We study the role of the endogenous danger signal (DAMP) extracellular ATP during intestinal infection and inflammation. We wish to understand how elements of the gut and the intestinal bacteria - both pathogens and commensals - regulate and respond to the dynamic appearance and disappearance of extracellular ATP and how this impacts the development of disease.  

Barbara Sixt

Many pathogens colonise their hosts by invading cells and exploiting their interior as a hiding place or growth niche. To survive and thrive within a human cell, microbes need to evade the intrinsic defences of their host cell. My group’s research aims to understand the molecular mechanisms through which pathogens overcome these defences. Currently, we focus on Chlamydia trachomatis, an important bacterial agent of sexually transmitted diseases and blinding ocular infections.  

Björn Schröder

Our focus is the intestinal mucosal barrier, which separates us from trillions of gut bacteria. Defects in this barrier are linked to infectious, inflammatory and metabolic disease, and some of those defects are caused by changes in the gut microbial community. As diet is the major factor that influences the composition of the gut bacteria, my group uses different in vivo and in vitro approaches to identify how specific diets affect mucosal barrier function through modulation of the gut bacteria. We focus on intestinal mucus and antimicrobial peptides, which can be considered as the electrical fence of the intestine.   

Ellen Bushell

We are interested in how malaria parasites, Plasmodium berghei, interact with their host and how these interactions shape the course of infection and disease.
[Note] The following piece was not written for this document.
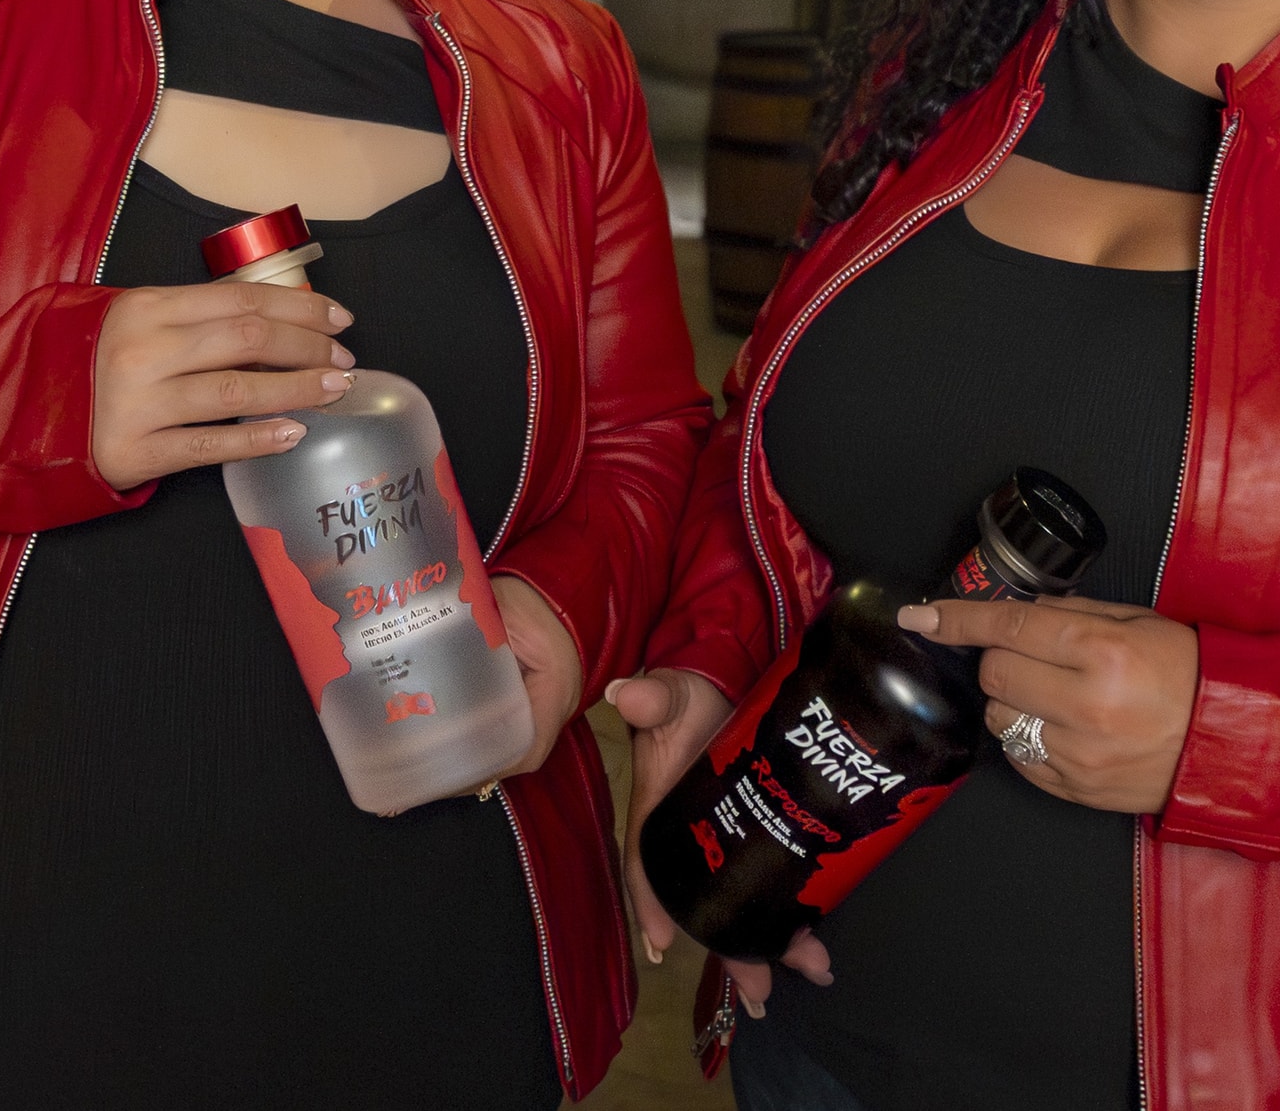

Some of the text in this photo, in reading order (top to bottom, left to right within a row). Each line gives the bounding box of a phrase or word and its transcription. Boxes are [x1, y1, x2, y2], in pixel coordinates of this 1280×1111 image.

Malaria parasites invade and replicate within red blood cells, which requires the parasites to completely transform the invaded cell. This is a process associated with extensive export of parasite proteins into the host cell. We systematically map out the genes that encode the exported parasite proteins that directly interact with the host by dissecting their molecular function. We do this by using reverse genetics to disrupt gene function and observe the resulting effect on parasite growth in vivo. The malaria parasite genome encodes 5000 genes, and we employ scalable methods that allow us to target hundreds of genes in parallel and thereby assign gene function across all the genome.  

Johan Henriksson

Our group is developing new CRISPR and single-cell-based tools to dissect biological processes efficiently and at great detail. We are using these tools especially to understand CD4 T cells and how these can be reprogrammed for better immunotherapy.